Image-backed grounding data
==============================

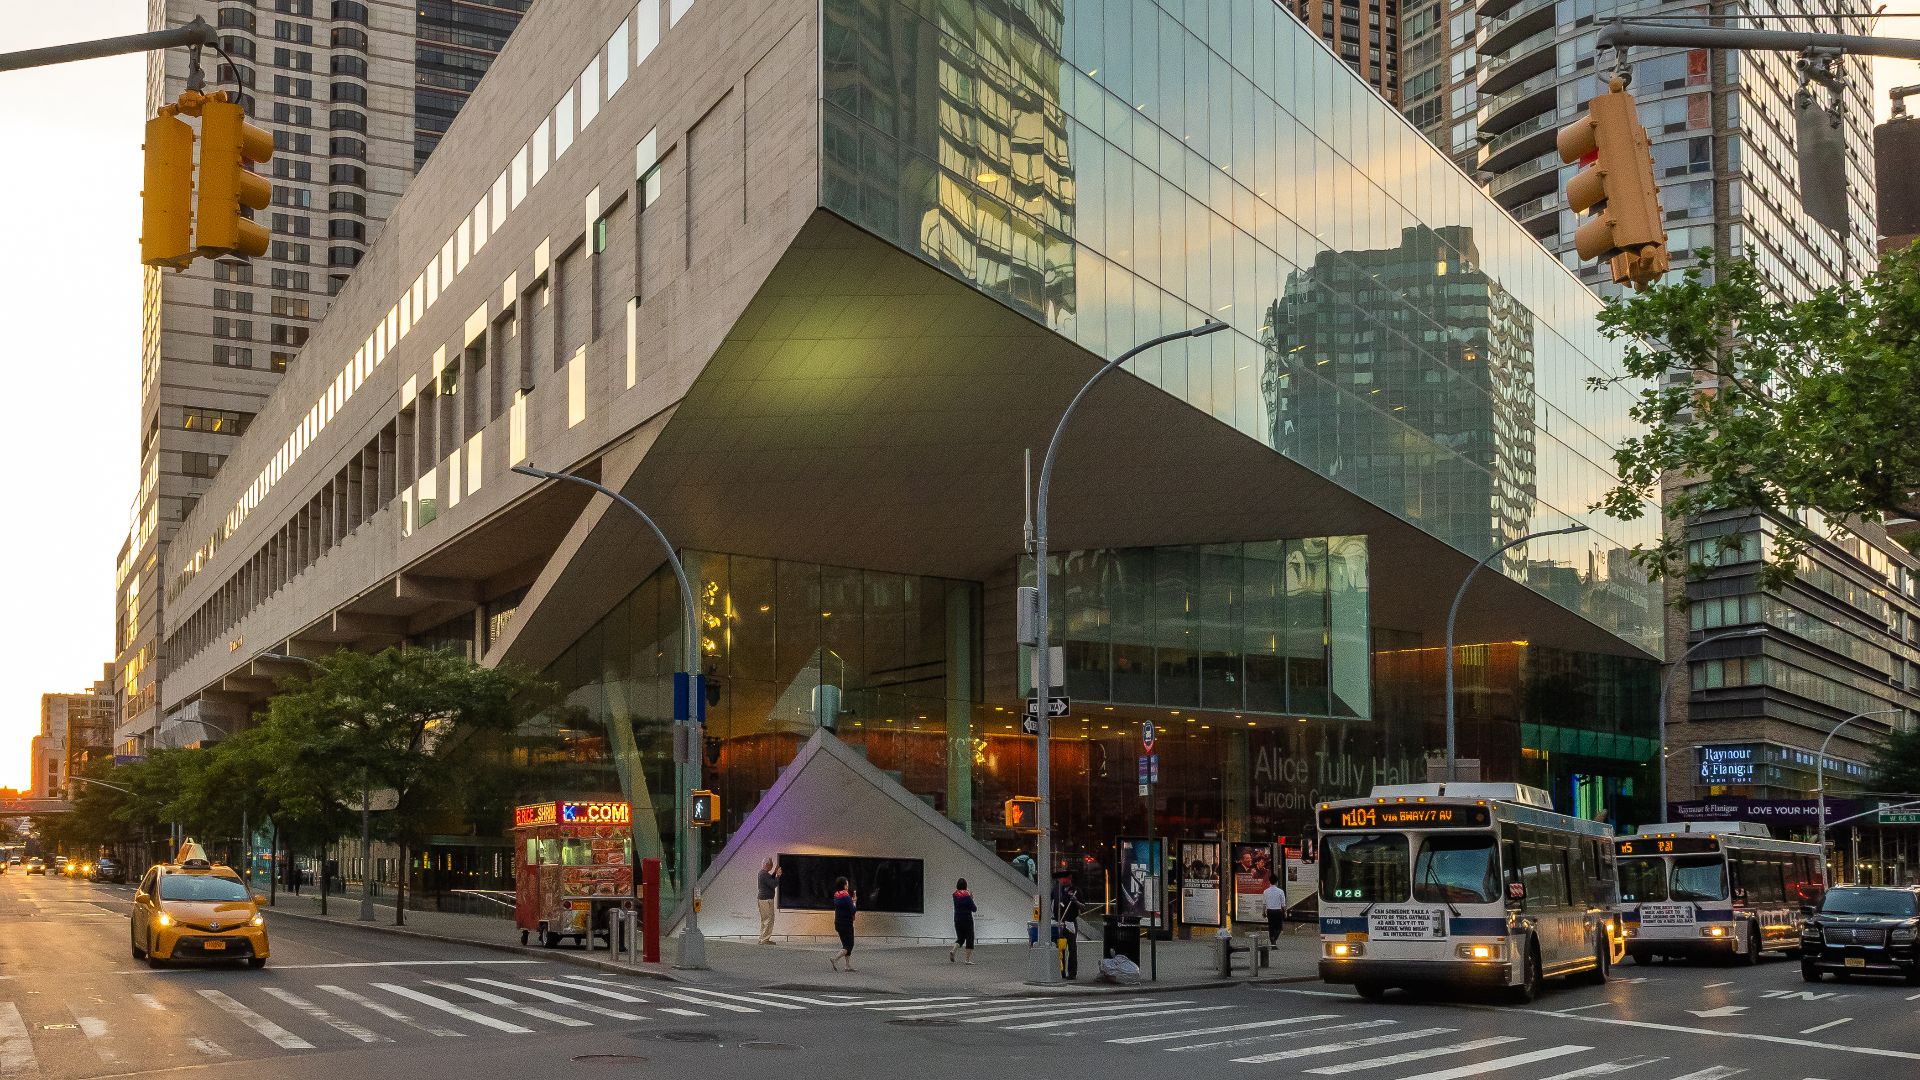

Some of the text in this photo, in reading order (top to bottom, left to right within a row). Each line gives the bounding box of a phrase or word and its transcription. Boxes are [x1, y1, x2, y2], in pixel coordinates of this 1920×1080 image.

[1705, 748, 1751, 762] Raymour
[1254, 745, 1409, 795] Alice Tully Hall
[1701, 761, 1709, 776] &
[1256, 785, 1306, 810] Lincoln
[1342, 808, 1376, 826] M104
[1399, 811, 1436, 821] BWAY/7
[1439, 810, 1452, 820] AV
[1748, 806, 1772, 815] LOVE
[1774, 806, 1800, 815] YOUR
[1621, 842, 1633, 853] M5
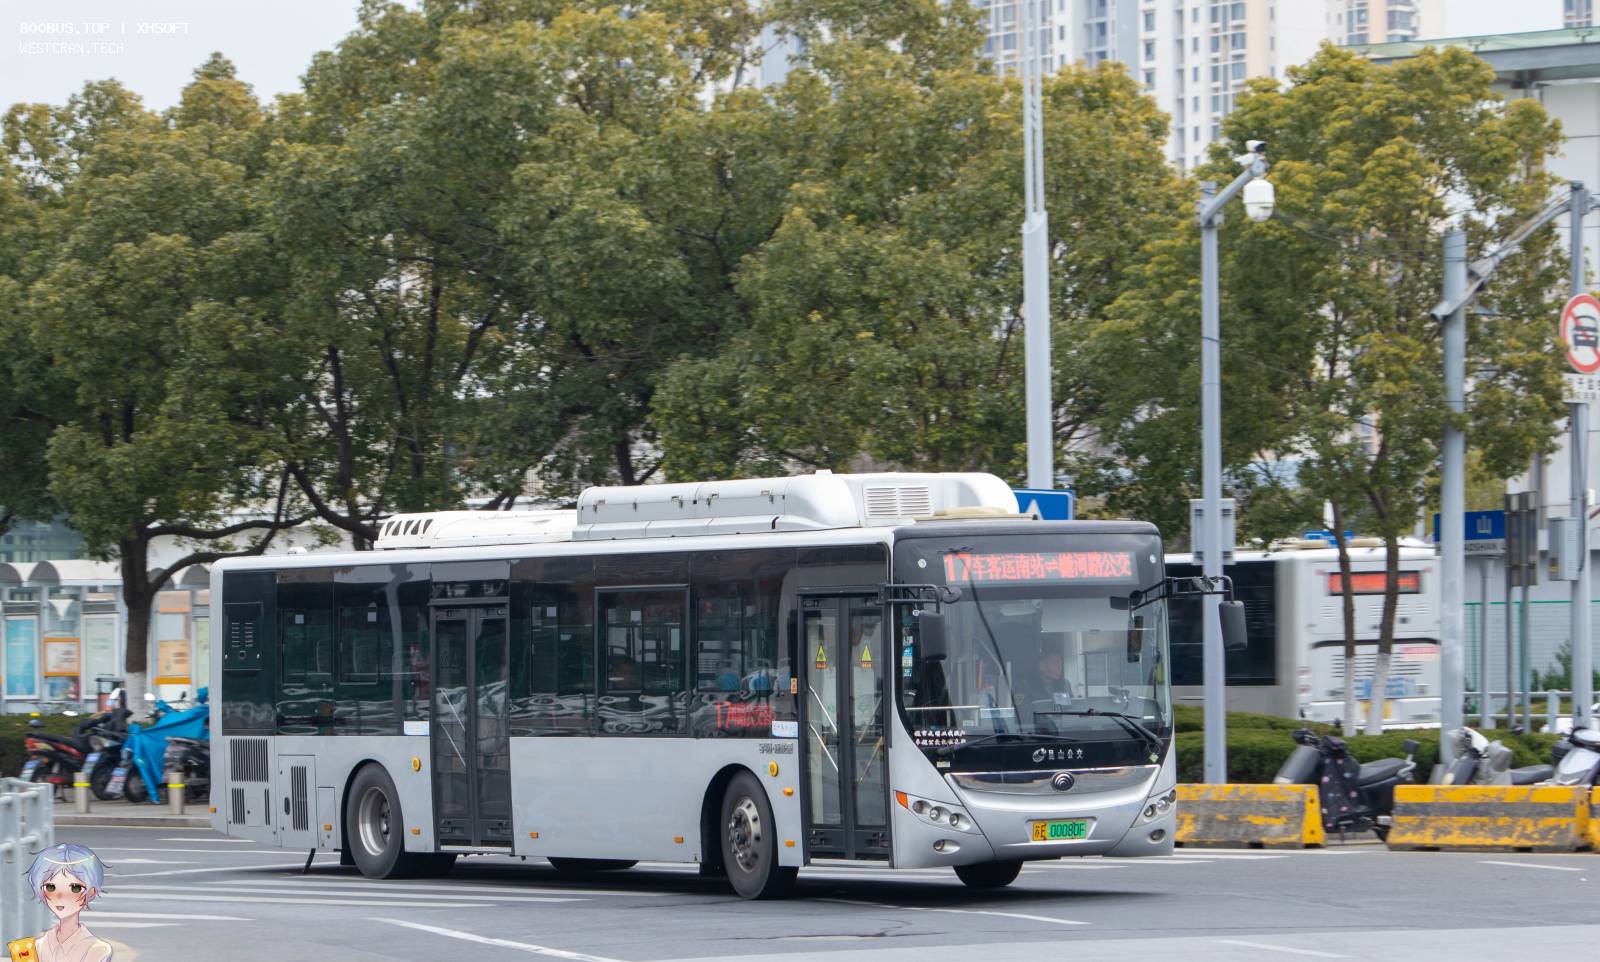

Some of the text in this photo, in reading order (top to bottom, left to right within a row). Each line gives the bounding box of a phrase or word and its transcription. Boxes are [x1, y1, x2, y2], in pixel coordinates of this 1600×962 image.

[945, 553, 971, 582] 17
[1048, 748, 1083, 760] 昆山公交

==============================

Work request:
Each line from the one containing "this 1600×962 image." through the end of the entries, both included, is to be returned exactly, with no other lines.

Final answer:
Some of the text in this photo, in reading order (top to bottom, left to right within a row). Each line gives the bounding box of a phrase or word and its transcription. Boxes are [x1, y1, x2, y2], in pixel coordinates of this 1600×962 image.

[945, 553, 971, 582] 17
[1048, 748, 1083, 760] 昆山公交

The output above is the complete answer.